On the reaction mechanism of phenol hydroxylase. New information obtained by correlation of fluorescence and absorbance stopped flow studies.

Steps in the hydroxylation pathway of the flavoprotein phenol hydroxylase with resorcinol as substrate have been studied by a combination of fluorescence and absorbance stopped flow techniques. In the presence of azide, a series of highly fluorescent oxygenated flavin intermediates has been observed, corresponding to those previously detected by absorbance measurements (Detmer, K., and Massey, V. (1985) J. Biol. Chem. 260, 5998-6005). In addition, yet another intermediate has been found as the immediate product of the reaction of the reduced enzyme with O2. This new species is non-fluorescent in the presence of azide, but fluorescent in the absence of monovalent anions and had escaped detection in previous absorbance studies because of the similarity in its rates of formation and conversion to the next intermediate and similarity in their spectra. These two early intermediates are tentatively identified as the anionic and protonated species of the flavin C4a-hydroperoxide or, alternatively, as two conformationally different forms of the enzyme hydroperoxide.
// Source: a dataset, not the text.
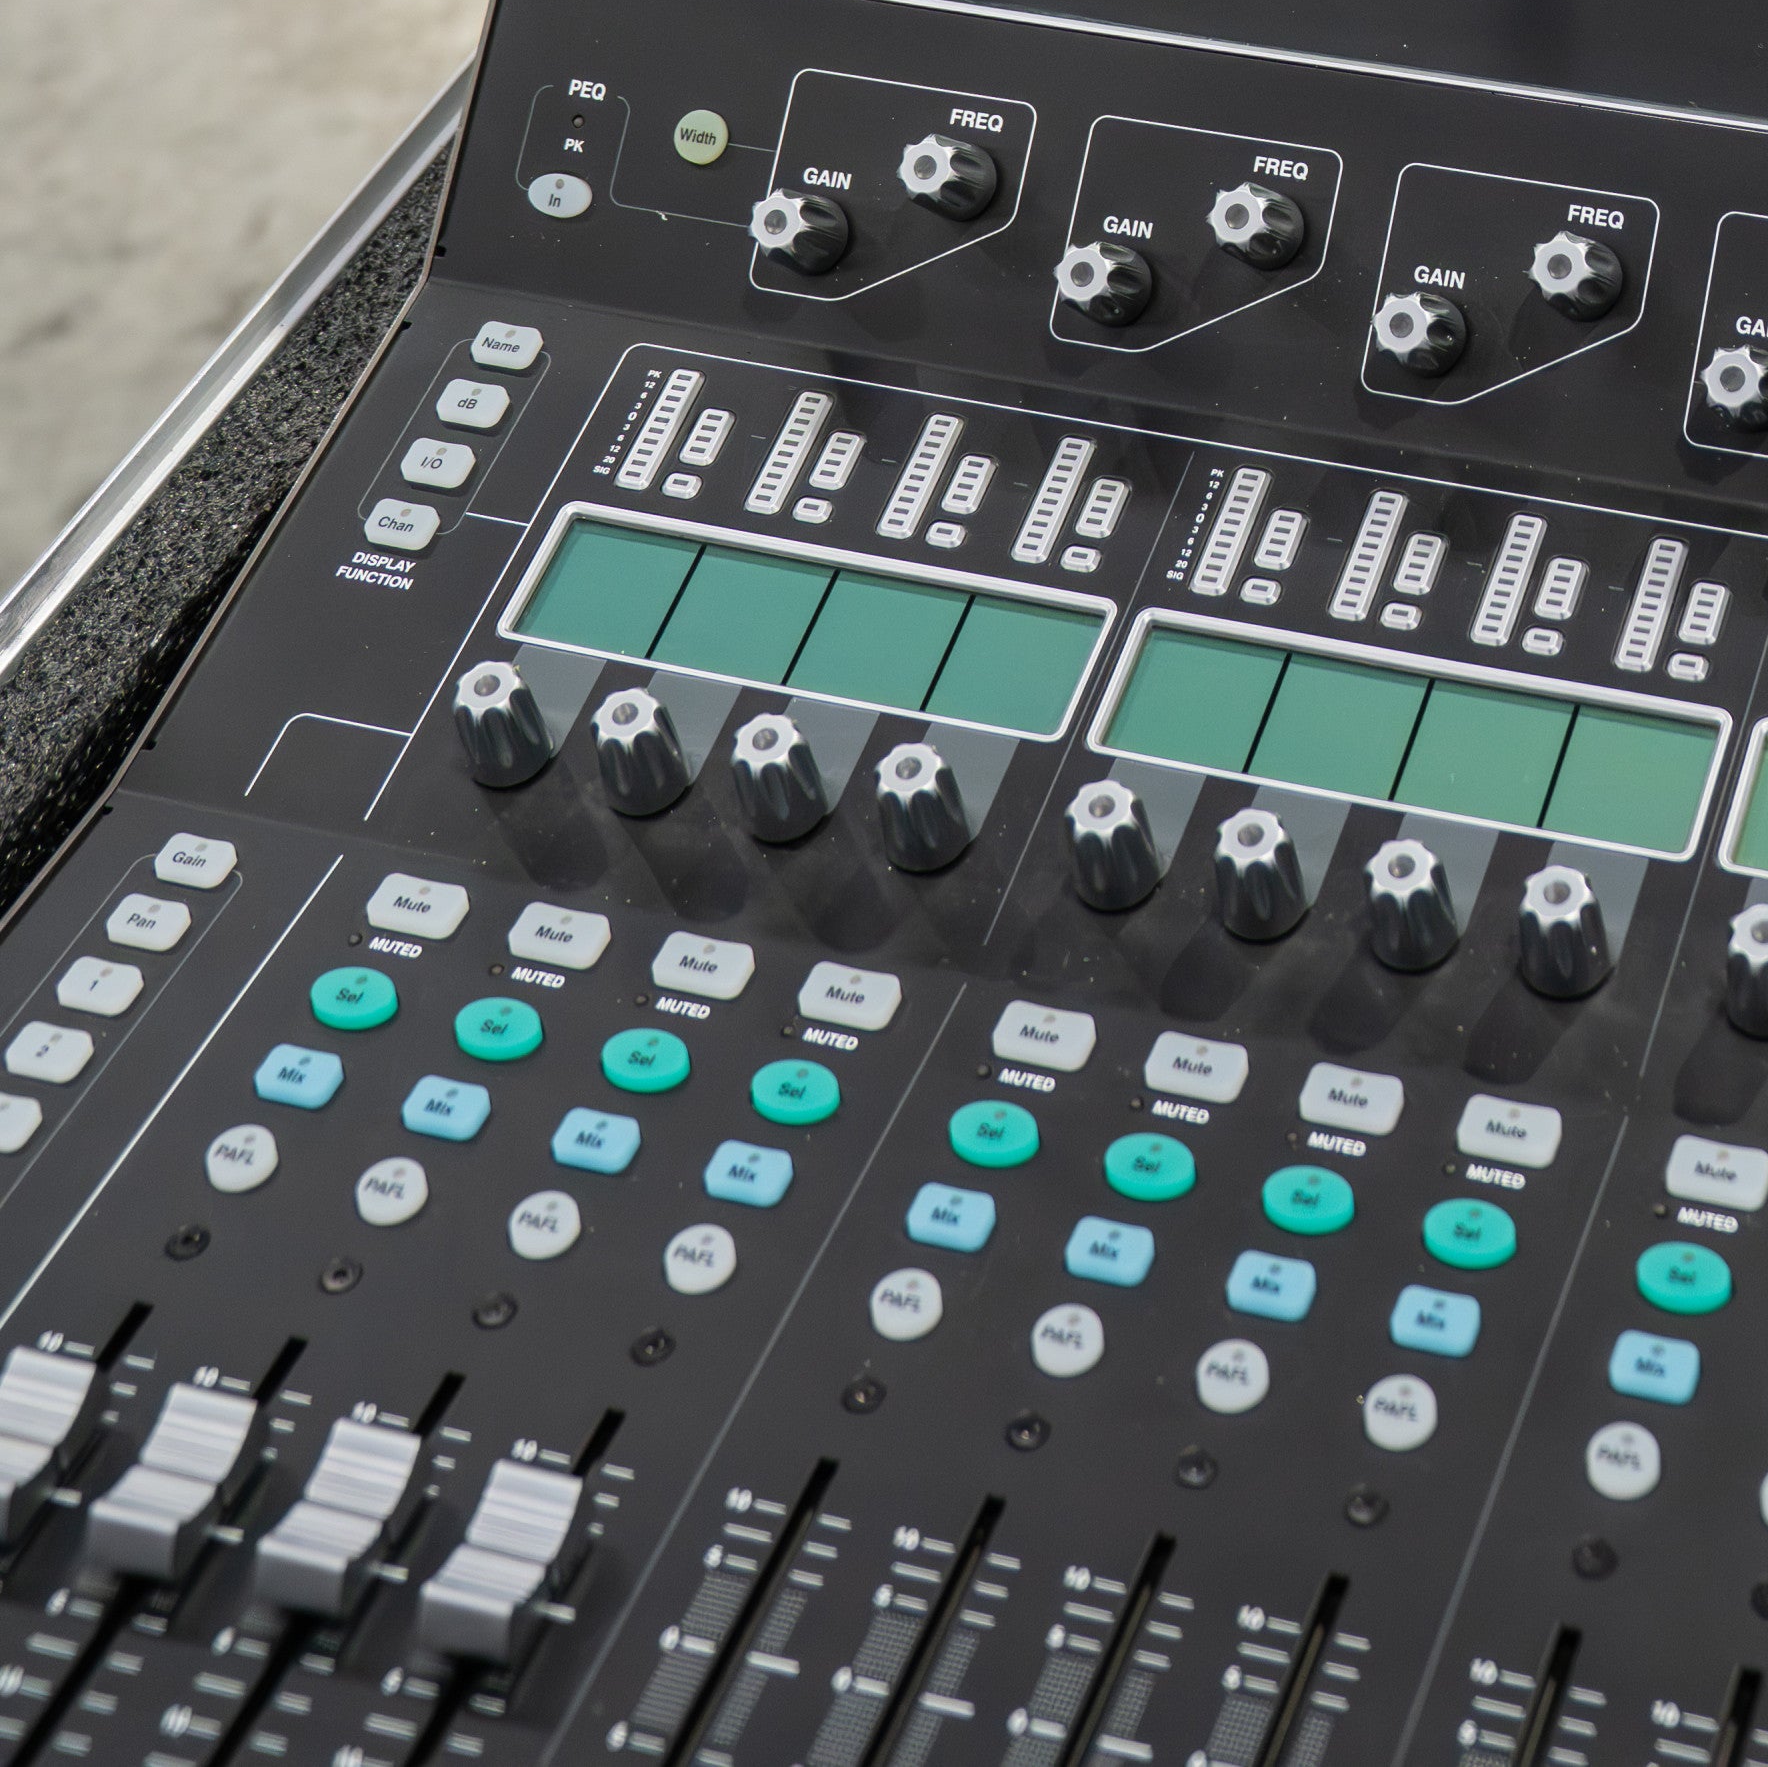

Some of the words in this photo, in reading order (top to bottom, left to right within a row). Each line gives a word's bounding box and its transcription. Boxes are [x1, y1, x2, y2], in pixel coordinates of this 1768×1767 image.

The next intermediate, previously referred to as intermediate II, is also highly fluorescent and so is considered unlikely to be due to a complex of a flavin alkoxyl radical and a substituted cyclohexadienyl radical, as proposed by Anderson et al. (Anderson, R. F., Patel, K. B., and Stratford, M. R. L. (1990) J. Biol. Chem. 265, 1952-1957). The conversion of intermediate II to the next intermediate, intermediate III (the C4a-hydroxyflavin), is characterized by a large substrate deuterium isotope effect in the 320-390 nm range, but not by fluorescence or by absorbance at wavelengths > 400 nm. This is ascribed to dissociation from the enzyme of a cyclohexadienone product, leaving the enzyme in its C4a-hydroxyflavin form. The latter eliminates H2O to re-form oxidized flavin, but in a competing reaction, in the presence of excess substrate, forms a very stable complex, which decays orders of magnitude more slowly than the uncomplexed enzyme.